Dans le cadre de l’intégration scolaire en psychiatrie de l'enfant, une partie de la mission du psychologue consiste à comprendre la nature des processus cognitifs impliqués dans les difficultés rencontrées par les enfants au cours des apprentissages. Sans renvoyer dos à dos les tenants d’une psychologie du sens et les tenants d’une psychologie des déficits (Georgieff189 N., 1995), il paraît important aujourd'hui de ne pas s'en tenir à un simple constat de retard mental à propos des profils diagnostiques de notre population clinique. Pouvons-nous actuellement dépasser la seule exploration des contenus de pensée cognitifs, recueillis à partir du WISC et dans une moindre mesure à partir de l'EPL, pour évaluer les mécanismes plus élémentaires qui sous-tendent ces organisations psychopathologiques ?

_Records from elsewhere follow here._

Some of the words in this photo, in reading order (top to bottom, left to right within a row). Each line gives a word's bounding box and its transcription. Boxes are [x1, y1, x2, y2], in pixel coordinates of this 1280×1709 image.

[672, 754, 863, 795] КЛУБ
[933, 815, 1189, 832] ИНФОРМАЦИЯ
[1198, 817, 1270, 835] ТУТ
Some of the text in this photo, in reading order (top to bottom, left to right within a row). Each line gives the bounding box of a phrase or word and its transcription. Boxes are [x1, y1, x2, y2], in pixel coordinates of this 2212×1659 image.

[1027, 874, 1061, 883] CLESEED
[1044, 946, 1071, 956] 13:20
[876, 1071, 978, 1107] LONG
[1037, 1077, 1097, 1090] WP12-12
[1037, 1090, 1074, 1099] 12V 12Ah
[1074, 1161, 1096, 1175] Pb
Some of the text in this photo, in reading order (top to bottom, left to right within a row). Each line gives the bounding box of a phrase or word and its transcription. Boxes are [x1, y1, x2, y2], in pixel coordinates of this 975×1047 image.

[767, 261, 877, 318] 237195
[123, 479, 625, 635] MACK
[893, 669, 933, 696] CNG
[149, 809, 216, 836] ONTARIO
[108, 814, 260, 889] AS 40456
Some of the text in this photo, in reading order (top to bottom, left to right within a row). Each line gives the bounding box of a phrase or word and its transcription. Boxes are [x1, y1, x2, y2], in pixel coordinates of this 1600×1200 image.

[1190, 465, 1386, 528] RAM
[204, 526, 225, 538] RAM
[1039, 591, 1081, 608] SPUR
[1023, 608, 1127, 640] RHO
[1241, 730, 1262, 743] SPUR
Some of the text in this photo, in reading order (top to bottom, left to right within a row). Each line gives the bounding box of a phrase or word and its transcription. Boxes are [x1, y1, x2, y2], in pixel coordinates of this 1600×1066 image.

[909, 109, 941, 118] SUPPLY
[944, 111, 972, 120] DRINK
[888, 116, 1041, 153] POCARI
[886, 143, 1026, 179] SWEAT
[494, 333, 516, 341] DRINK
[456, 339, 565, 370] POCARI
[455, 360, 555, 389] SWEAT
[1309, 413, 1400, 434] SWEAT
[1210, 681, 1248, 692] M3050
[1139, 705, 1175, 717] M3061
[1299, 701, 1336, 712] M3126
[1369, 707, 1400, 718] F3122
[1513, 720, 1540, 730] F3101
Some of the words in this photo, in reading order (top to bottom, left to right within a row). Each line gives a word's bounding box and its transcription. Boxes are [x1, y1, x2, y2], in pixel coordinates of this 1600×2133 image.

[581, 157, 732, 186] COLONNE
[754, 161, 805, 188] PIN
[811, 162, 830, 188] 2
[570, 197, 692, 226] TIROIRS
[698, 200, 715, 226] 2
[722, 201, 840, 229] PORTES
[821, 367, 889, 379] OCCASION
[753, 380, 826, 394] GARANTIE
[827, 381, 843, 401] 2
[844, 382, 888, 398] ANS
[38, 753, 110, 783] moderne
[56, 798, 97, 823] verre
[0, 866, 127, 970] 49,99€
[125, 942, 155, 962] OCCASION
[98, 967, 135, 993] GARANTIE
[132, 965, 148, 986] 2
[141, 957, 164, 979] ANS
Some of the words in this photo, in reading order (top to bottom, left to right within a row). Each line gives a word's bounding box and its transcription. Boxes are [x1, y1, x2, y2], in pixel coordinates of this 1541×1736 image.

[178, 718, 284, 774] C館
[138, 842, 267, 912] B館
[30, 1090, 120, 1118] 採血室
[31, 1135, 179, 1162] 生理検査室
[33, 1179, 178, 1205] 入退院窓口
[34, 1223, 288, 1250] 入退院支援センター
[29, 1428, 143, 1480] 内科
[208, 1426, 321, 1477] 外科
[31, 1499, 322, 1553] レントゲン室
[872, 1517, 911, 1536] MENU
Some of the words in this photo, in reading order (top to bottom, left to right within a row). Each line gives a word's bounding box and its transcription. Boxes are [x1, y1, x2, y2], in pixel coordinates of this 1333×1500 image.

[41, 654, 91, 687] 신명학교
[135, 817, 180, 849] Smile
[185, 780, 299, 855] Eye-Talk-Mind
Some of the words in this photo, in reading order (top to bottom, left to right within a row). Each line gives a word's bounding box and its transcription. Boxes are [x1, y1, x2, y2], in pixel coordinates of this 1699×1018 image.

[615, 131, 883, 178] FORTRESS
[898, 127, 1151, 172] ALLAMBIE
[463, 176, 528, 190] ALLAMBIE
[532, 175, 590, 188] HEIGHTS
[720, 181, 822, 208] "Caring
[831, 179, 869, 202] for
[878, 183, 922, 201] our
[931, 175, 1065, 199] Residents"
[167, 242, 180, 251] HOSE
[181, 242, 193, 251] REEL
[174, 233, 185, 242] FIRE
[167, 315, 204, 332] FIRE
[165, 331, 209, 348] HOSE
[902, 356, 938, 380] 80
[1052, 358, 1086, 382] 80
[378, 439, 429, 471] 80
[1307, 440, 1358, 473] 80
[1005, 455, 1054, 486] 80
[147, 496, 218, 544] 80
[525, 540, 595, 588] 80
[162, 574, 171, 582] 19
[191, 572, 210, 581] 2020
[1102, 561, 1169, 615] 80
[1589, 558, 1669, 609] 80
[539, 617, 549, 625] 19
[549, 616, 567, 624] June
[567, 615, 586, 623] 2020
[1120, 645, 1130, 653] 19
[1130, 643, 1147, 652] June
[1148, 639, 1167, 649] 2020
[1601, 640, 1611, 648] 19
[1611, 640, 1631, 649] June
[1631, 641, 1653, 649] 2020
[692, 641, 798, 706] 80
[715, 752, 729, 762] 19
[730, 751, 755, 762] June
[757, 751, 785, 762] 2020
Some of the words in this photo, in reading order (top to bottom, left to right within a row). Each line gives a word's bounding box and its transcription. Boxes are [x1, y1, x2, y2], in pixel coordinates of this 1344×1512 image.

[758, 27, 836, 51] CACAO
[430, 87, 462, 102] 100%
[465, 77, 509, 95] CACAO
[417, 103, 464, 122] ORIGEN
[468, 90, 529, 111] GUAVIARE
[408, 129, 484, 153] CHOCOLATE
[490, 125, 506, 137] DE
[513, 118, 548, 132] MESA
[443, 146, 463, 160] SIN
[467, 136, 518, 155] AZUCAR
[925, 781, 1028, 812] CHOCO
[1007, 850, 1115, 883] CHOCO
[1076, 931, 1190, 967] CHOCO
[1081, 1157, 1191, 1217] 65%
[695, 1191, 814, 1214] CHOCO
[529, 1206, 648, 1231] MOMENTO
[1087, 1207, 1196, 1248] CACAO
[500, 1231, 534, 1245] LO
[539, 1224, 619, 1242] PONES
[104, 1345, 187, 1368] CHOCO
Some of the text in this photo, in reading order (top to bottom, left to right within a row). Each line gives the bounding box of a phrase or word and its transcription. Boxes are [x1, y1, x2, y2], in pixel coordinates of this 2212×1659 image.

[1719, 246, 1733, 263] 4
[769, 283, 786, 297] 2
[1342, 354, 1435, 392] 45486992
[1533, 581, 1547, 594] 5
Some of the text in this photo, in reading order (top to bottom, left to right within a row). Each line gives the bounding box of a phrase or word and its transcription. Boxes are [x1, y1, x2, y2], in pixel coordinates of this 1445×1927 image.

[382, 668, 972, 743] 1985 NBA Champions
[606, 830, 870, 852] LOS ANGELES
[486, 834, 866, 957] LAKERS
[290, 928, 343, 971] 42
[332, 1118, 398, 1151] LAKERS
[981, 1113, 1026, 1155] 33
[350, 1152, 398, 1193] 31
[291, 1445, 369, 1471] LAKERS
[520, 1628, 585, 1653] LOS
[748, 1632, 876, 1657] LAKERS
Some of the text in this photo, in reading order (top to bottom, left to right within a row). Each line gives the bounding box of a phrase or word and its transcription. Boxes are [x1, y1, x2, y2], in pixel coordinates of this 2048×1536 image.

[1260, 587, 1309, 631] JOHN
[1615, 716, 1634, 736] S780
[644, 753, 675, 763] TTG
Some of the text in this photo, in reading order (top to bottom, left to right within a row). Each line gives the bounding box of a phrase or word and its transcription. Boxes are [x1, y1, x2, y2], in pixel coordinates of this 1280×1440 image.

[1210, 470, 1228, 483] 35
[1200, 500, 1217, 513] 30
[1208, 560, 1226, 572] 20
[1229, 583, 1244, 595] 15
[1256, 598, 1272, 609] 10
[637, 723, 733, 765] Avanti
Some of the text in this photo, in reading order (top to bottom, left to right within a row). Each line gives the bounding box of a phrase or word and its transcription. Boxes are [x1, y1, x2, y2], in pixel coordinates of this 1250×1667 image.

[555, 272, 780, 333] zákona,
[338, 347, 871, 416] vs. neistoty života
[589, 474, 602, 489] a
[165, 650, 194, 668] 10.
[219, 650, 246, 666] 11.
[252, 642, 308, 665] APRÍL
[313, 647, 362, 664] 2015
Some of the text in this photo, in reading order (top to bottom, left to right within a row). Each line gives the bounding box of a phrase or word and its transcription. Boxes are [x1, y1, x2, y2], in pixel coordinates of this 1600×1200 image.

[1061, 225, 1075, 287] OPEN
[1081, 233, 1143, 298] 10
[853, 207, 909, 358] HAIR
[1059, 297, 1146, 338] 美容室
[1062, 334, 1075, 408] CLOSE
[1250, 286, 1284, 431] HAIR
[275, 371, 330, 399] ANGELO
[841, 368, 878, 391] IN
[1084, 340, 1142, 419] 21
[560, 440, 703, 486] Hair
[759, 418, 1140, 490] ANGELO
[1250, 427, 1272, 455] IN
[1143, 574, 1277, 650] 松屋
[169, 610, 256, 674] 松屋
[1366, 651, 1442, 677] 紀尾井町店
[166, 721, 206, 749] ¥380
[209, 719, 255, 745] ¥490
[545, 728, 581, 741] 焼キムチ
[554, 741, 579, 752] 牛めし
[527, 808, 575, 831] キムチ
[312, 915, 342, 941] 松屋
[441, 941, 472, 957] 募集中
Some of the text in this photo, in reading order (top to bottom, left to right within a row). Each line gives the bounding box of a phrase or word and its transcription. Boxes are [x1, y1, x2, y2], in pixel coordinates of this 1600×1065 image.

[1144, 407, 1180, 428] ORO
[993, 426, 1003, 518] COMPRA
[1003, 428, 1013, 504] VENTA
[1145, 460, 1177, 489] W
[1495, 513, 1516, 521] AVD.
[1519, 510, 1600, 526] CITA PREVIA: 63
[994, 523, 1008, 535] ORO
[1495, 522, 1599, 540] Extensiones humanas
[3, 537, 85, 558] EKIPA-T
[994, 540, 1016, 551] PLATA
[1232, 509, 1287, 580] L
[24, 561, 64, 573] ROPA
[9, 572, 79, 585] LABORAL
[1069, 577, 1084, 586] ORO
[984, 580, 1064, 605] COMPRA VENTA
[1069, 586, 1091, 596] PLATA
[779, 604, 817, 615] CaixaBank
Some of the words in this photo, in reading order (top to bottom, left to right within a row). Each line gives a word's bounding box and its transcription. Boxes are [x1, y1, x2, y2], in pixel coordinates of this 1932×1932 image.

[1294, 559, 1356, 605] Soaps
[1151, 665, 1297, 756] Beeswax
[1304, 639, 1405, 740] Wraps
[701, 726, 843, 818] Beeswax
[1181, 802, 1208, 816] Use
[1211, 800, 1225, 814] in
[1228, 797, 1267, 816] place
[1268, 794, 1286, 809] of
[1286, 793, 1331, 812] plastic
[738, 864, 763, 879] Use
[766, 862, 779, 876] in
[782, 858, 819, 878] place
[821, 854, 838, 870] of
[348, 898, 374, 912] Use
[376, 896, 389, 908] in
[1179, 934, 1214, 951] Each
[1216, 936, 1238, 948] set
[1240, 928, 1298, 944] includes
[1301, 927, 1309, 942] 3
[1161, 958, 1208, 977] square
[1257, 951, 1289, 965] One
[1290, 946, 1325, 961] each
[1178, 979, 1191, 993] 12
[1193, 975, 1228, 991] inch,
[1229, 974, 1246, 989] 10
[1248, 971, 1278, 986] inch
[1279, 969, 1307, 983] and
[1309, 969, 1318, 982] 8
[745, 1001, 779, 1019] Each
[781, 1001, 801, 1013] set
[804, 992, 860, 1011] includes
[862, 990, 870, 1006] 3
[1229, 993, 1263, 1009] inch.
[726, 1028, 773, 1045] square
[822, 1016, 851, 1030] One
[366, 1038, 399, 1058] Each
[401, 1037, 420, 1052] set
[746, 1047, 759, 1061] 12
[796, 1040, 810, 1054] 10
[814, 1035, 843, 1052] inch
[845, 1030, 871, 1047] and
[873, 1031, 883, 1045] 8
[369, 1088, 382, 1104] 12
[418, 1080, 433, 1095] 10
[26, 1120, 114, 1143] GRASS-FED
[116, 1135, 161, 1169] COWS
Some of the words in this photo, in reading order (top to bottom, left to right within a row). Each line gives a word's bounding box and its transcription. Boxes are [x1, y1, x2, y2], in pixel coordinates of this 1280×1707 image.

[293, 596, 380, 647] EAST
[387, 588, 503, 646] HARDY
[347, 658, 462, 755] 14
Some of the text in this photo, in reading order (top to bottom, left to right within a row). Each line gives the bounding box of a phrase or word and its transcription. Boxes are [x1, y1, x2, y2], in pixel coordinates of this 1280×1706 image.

Aujourd’hui, il paraît possible d'invoquer d’autres modèles cognitifs pour se dégager du seul principe d’une évaluation basée sur les construits d’un sujet dans sa rencontre avec un environnement et ce, afin de s’attacher à repérer et à comprendre la nature des mécanismes élémentaires qui sous-tendent le développement cognitif. Dans une perspective clinique et psychopathologique, une telle démarche suppose un décentrage épistémologique pour redéfinir la notion de dysharmonie développementale au sein du groupe des retards mentaux. Cette entreprise compléterait les connaissances actuelles de ces organisations psychopathologiques, dégagerait de nouvelles voies diagnostiques et, permettrait éventuellement d'enrichir les modalités de prises en charge des enfants.

Pour atteindre cet objectif, nous nous appuierons sur un modèle néostructuraliste : celui de Pascual-Leone J. (1970) et de la Théorie des Opérateurs Constructif (T.C.O.).

Notes
186.

CFTMEA (2002), Classification française des troubles mentaux de l'enfant et de l'adolescent - R 2000 – sous la direction de R. Mises et du Dr N. Quemada. 4ème édition du CTNERHI.

187.

Gibello B (1984), L'enfant à l'intelligence troublée, Paris, Le centurion, p. 75.

188.

Gibello B. (1995), La pensée décontenancée, Paris, Bayard Editions, p. 225.

189.

Giorgieff N. (1995), "à propos des approches psychopathologique et cognitive de la déficience mentale", Neuropsychiatrie de l'enfance et de l'adolescence, 43, p. 528-536.